View the list of policy templates

You can view all the available policy templates, which includes both predefined and custom templates.

To view the list of compliance policy templates:

  1. On the inSync Management Console  menu bar, click Governance > Compliance > Configure > Template. The Templates page opens. This page includes both predefined and custom policy templates. 

Modify a policy template

Overview

As a cloud administrator, you can modify both predefined and custom compliance policy templates.

Procedure

To modify a compliance policy template:

  1. On the inSync Management Console  menu bar, click Governance > Compliance > Configure > Template. The Templates page opens. This page includes both predefined and custom policy templates. 
  2. To modify the file inclusion settings, click Edit in the File Inclusion area and do the following:
    1. Select the list of file types that you want to index when creating a compliance policy. Only those files under the selected MIME types will be scanned for compliance violations.
    2. Click Done.
  3. To modify the sensitive data settings, click Edit in the Violation Rule area and do the following:
    1. Specify the threshold count for the sensitive data type. 
      Druva inSync identifies critical files as those files in which the sensitive data is equal to or greater than the critical threshold specified for the sensitive data.

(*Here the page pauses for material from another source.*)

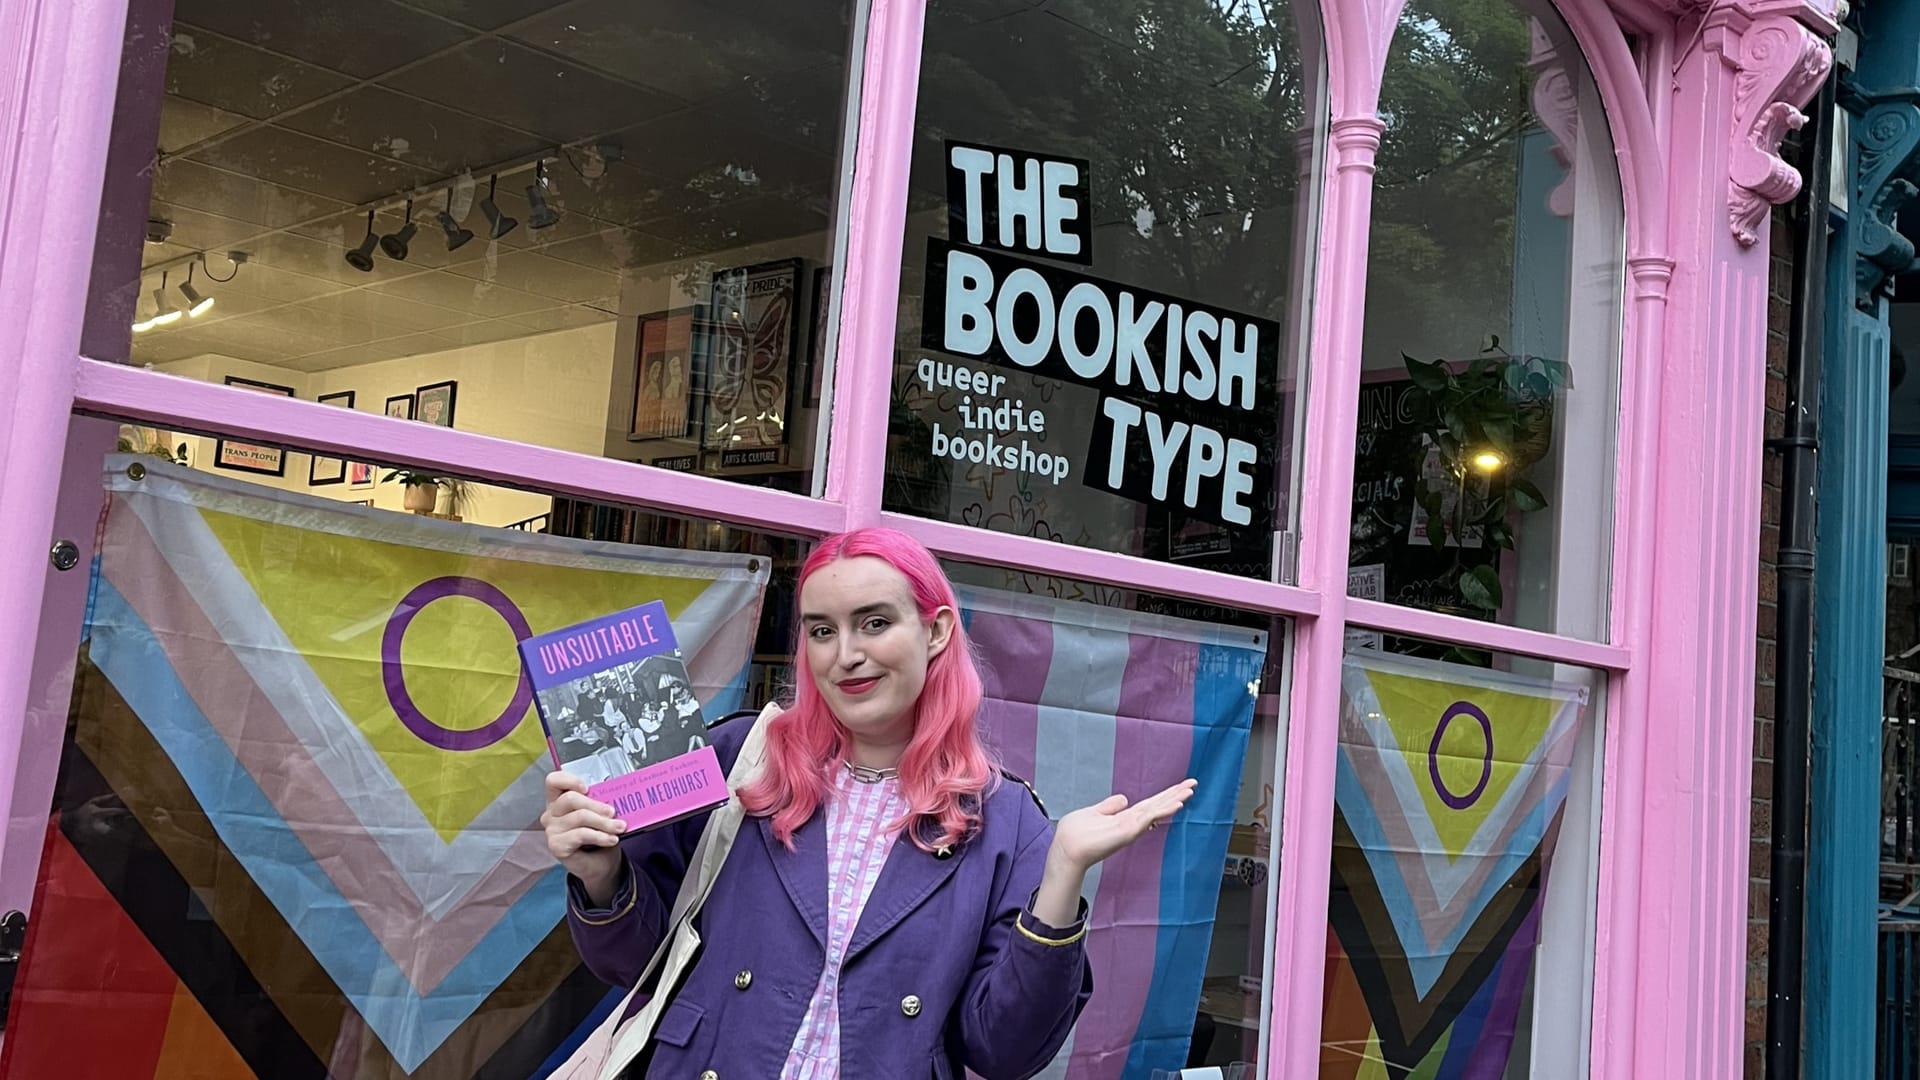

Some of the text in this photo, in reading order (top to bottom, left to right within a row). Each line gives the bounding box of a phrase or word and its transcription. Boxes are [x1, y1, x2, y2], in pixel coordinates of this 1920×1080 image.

      edit template section.png
    2. Change the Violation Criteria settings if required.
  4. Click Done.

Delete a policy template

Overview

As a cloud administrator, you can delete a custom policy template. However, you cannot delete the predefined policy templates that are shipped along with Druva inSync.

Note: You cannot delete a custom policy template, if it is associated with one or more policies.

Procedure

To delete a policy template

  1. On the inSync Management Console  menu bar, click Governance > Compliance > Configure > Template. The Templates page opens. This page includes both predefined and custom policy templates.
  2. Click the required custom policy template that you want to delete. The details of that policy template appears.
  3. Click Delete
  4. On the confirmation message that appears, click Yes.

The custom policy template is deleted from Druva inSync.